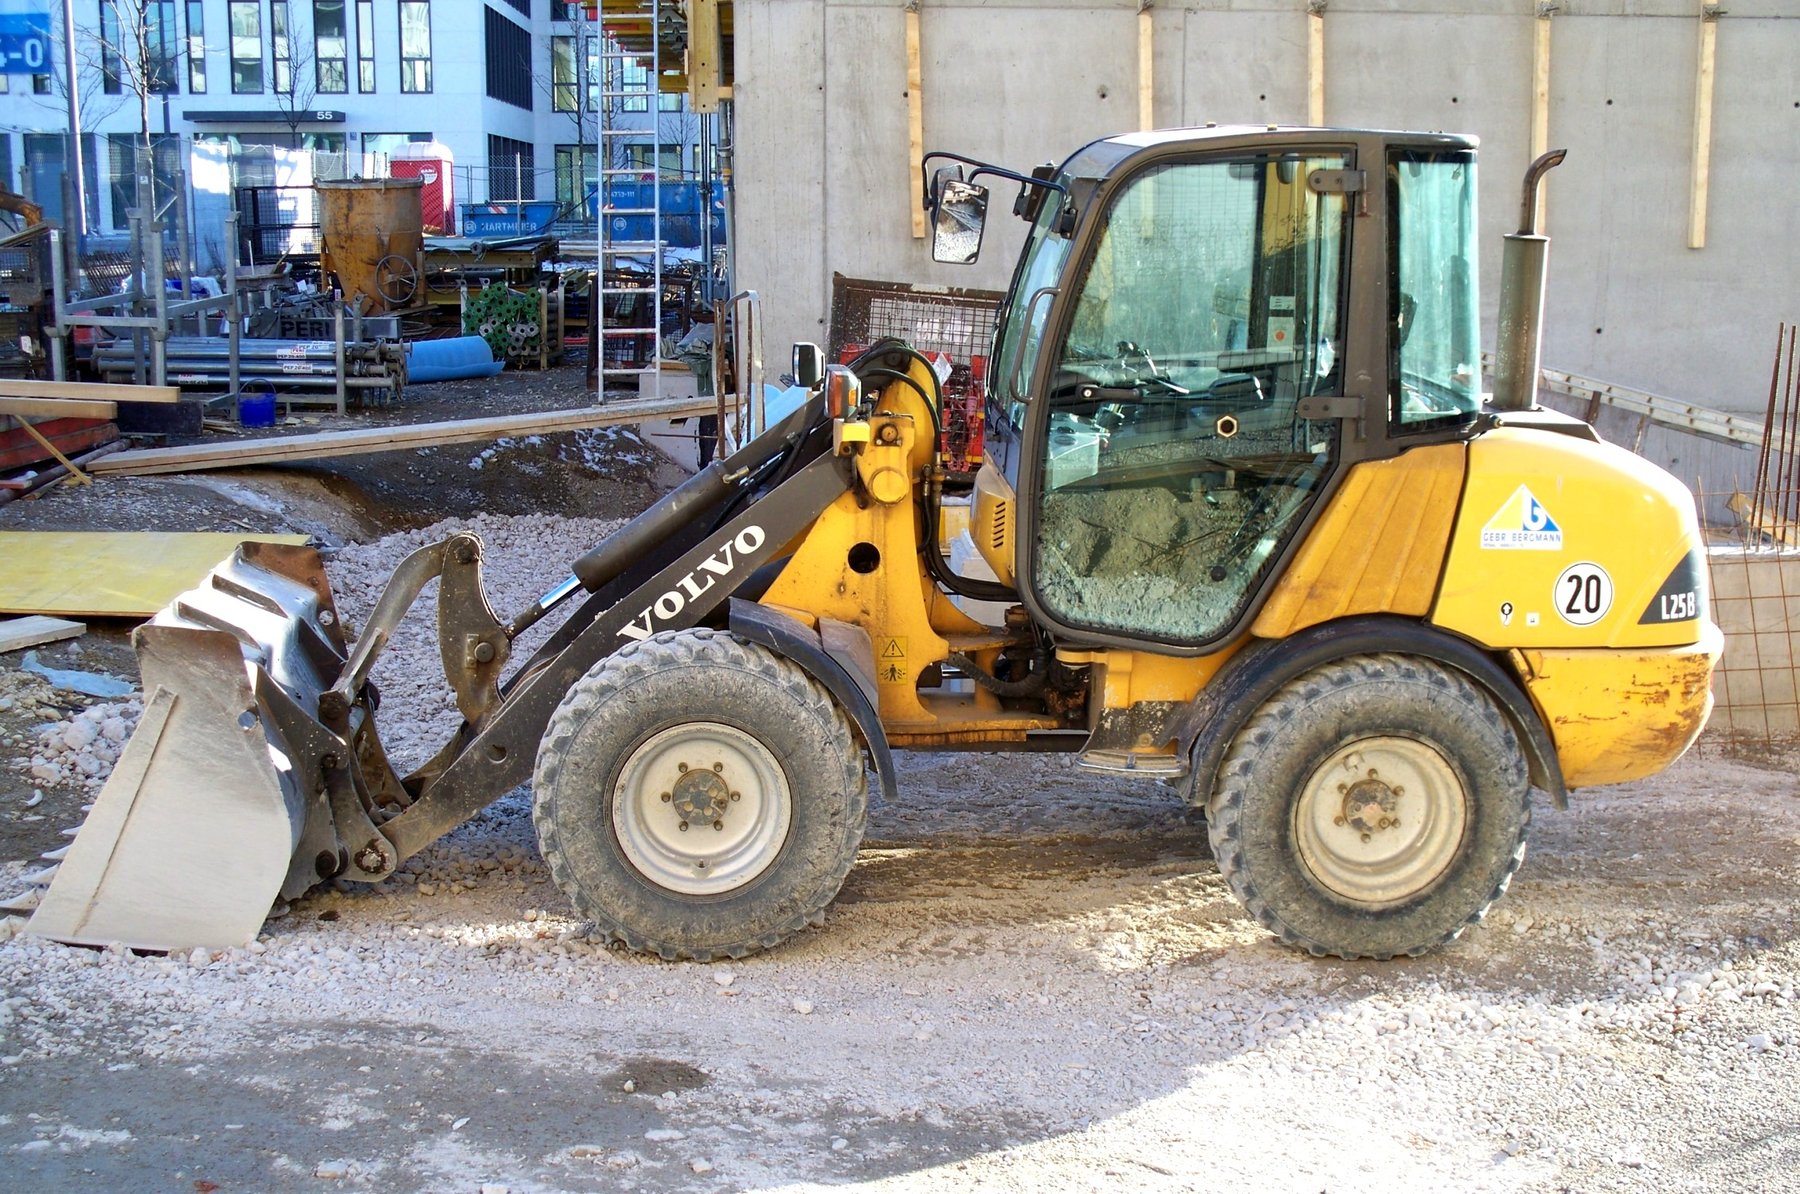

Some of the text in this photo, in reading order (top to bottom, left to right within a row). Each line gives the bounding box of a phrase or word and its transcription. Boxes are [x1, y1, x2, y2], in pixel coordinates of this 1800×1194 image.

[316, 111, 333, 120] 55
[281, 321, 330, 337] PERI
[1483, 532, 1561, 542] GEBR BERGMANN
[615, 525, 766, 641] VOLVO
[1565, 574, 1601, 614] 20
[1661, 592, 1696, 620] L25B
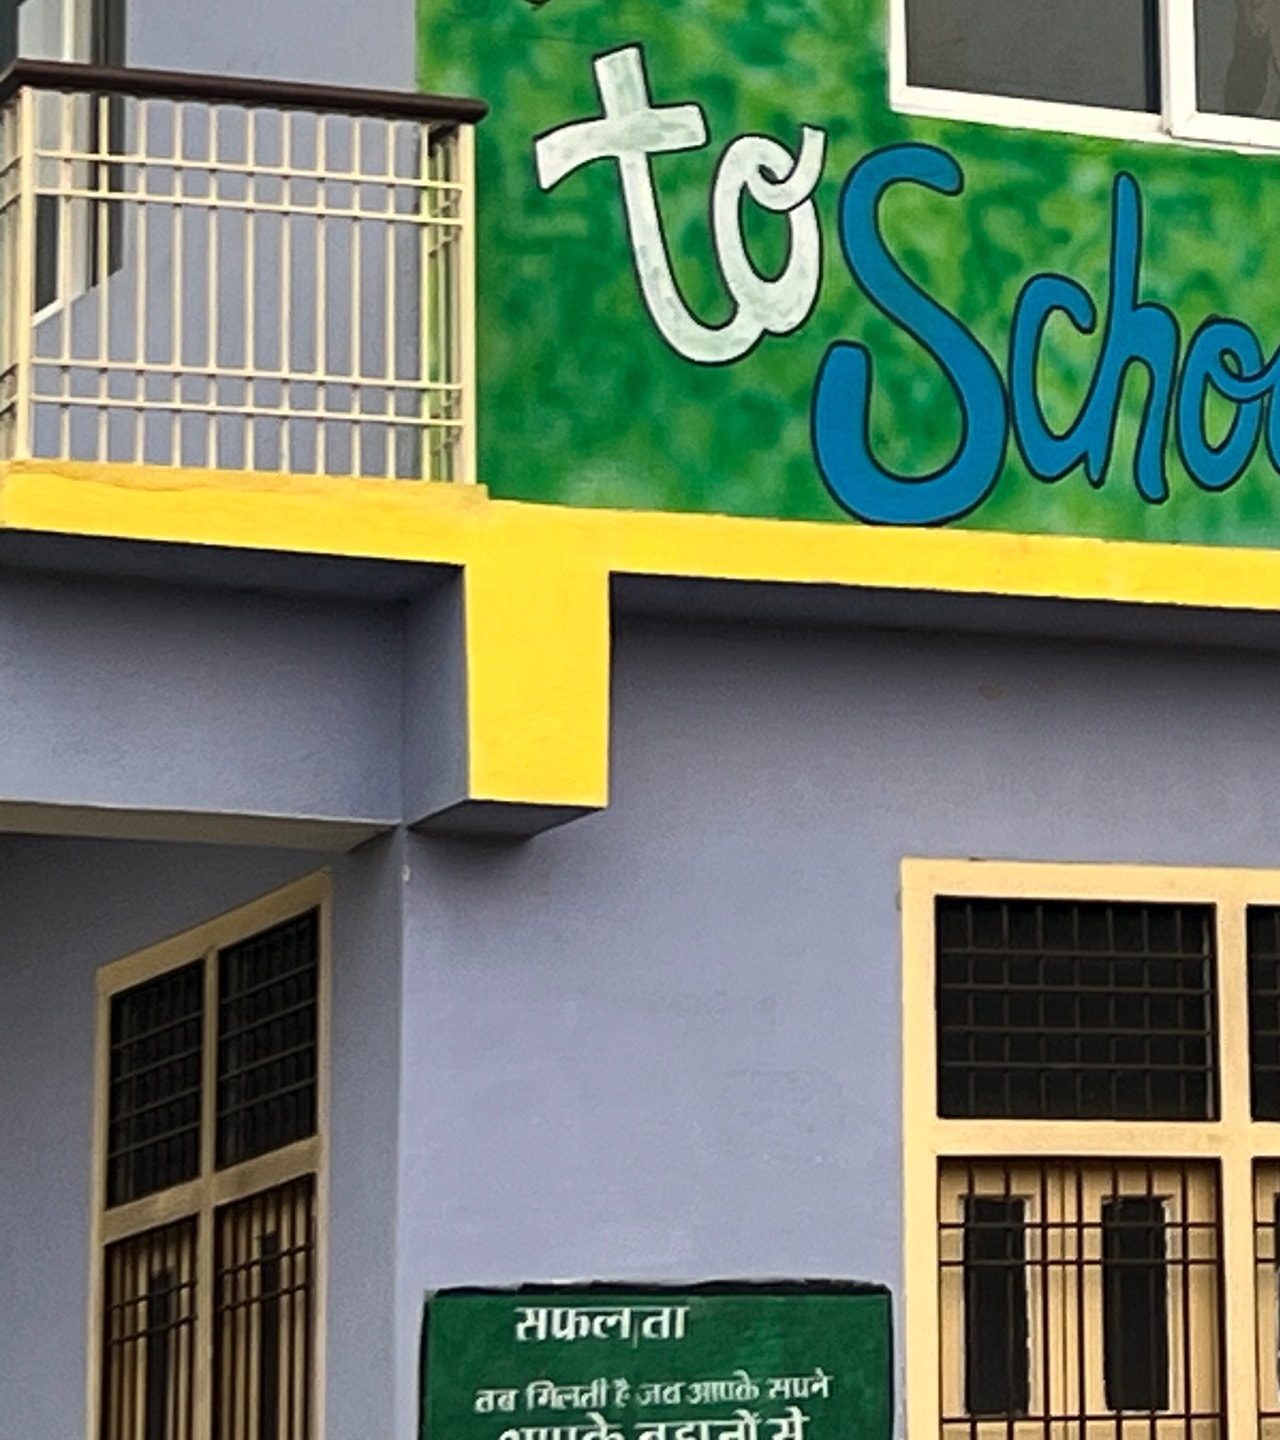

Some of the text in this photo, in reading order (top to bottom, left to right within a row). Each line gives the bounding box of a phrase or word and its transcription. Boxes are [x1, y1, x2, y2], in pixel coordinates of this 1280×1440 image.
===============
(Required action): Return the material above in exact form. Pictures stay out.

(Your solution):
Some of the text in this photo, in reading order (top to bottom, left to right within a row). Each line gives the bounding box of a phrase or word and its transcription. Boxes are [x1, y1, x2, y2], in pixel coordinates of this 1800×1194 image.

[316, 111, 333, 120] 55
[281, 321, 330, 337] PERI
[1483, 532, 1561, 542] GEBR BERGMANN
[615, 525, 766, 641] VOLVO
[1565, 574, 1601, 614] 20
[1661, 592, 1696, 620] L25B

Some of the text in this photo, in reading order (top to bottom, left to right within a row). Each line gives the bounding box of a phrase or word and its transcription. Boxes are [x1, y1, x2, y2], in pixel coordinates of this 1280×1440 image.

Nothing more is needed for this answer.